EXERCISE: A verbatim repeat of the records beneath this line is needed.

START PROVIDED MATERIAL

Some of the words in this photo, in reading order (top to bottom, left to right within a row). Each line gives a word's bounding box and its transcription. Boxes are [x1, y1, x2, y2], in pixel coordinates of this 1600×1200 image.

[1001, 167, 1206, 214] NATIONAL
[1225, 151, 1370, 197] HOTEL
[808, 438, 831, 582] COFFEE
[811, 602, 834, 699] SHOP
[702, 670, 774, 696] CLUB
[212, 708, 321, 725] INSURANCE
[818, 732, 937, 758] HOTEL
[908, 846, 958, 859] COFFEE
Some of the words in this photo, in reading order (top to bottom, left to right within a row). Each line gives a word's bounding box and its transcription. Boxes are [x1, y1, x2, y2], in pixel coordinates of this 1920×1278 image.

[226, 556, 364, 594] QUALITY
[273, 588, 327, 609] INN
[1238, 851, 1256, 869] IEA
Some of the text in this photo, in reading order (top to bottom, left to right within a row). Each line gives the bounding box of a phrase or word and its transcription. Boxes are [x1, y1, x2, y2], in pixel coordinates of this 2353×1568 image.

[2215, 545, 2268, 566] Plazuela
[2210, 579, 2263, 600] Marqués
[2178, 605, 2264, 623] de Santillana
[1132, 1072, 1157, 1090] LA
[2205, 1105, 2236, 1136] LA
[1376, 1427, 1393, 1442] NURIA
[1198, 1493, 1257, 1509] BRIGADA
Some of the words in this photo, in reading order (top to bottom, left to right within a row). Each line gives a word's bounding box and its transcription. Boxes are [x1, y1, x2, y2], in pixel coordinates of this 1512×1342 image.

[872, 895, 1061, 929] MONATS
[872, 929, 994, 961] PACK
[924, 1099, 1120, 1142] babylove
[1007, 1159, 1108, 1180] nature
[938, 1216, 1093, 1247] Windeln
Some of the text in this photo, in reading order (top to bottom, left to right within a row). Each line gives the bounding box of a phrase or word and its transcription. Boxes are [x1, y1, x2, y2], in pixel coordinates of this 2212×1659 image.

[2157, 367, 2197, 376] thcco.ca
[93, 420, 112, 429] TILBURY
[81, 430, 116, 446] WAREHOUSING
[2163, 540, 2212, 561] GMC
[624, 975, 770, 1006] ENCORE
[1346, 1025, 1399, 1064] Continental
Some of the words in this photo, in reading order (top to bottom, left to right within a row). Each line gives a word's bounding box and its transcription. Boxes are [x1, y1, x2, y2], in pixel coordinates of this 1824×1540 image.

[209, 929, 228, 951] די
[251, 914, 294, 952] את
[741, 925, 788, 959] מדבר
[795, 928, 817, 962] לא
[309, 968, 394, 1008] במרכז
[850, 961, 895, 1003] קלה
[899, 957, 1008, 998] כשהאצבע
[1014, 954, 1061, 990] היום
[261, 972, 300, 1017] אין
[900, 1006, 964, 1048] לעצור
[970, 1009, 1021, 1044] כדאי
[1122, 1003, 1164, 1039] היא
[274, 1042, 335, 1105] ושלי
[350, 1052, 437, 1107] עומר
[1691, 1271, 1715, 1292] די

END PROVIDED MATERIAL

SOLUTION:
Some of the words in this photo, in reading order (top to bottom, left to right within a row). Each line gives a word's bounding box and its transcription. Boxes are [x1, y1, x2, y2], in pixel coordinates of this 1600×1200 image.

[1001, 167, 1206, 214] NATIONAL
[1225, 151, 1370, 197] HOTEL
[808, 438, 831, 582] COFFEE
[811, 602, 834, 699] SHOP
[702, 670, 774, 696] CLUB
[212, 708, 321, 725] INSURANCE
[818, 732, 937, 758] HOTEL
[908, 846, 958, 859] COFFEE
Some of the words in this photo, in reading order (top to bottom, left to right within a row). Each line gives a word's bounding box and its transcription. Boxes are [x1, y1, x2, y2], in pixel coordinates of this 1920×1278 image.

[226, 556, 364, 594] QUALITY
[273, 588, 327, 609] INN
[1238, 851, 1256, 869] IEA
Some of the text in this photo, in reading order (top to bottom, left to right within a row). Each line gives the bounding box of a phrase or word and its transcription. Boxes are [x1, y1, x2, y2], in pixel coordinates of this 2353×1568 image.

[2215, 545, 2268, 566] Plazuela
[2210, 579, 2263, 600] Marqués
[2178, 605, 2264, 623] de Santillana
[1132, 1072, 1157, 1090] LA
[2205, 1105, 2236, 1136] LA
[1376, 1427, 1393, 1442] NURIA
[1198, 1493, 1257, 1509] BRIGADA
Some of the words in this photo, in reading order (top to bottom, left to right within a row). Each line gives a word's bounding box and its transcription. Boxes are [x1, y1, x2, y2], in pixel coordinates of this 1512×1342 image.

[872, 895, 1061, 929] MONATS
[872, 929, 994, 961] PACK
[924, 1099, 1120, 1142] babylove
[1007, 1159, 1108, 1180] nature
[938, 1216, 1093, 1247] Windeln
Some of the text in this photo, in reading order (top to bottom, left to right within a row). Each line gives the bounding box of a phrase or word and its transcription. Boxes are [x1, y1, x2, y2], in pixel coordinates of this 2212×1659 image.

[2157, 367, 2197, 376] thcco.ca
[93, 420, 112, 429] TILBURY
[81, 430, 116, 446] WAREHOUSING
[2163, 540, 2212, 561] GMC
[624, 975, 770, 1006] ENCORE
[1346, 1025, 1399, 1064] Continental
Some of the words in this photo, in reading order (top to bottom, left to right within a row). Each line gives a word's bounding box and its transcription. Boxes are [x1, y1, x2, y2], in pixel coordinates of this 1824×1540 image.

[209, 929, 228, 951] די
[251, 914, 294, 952] את
[741, 925, 788, 959] מדבר
[795, 928, 817, 962] לא
[309, 968, 394, 1008] במרכז
[850, 961, 895, 1003] קלה
[899, 957, 1008, 998] כשהאצבע
[1014, 954, 1061, 990] היום
[261, 972, 300, 1017] אין
[900, 1006, 964, 1048] לעצור
[970, 1009, 1021, 1044] כדאי
[1122, 1003, 1164, 1039] היא
[274, 1042, 335, 1105] ושלי
[350, 1052, 437, 1107] עומר
[1691, 1271, 1715, 1292] די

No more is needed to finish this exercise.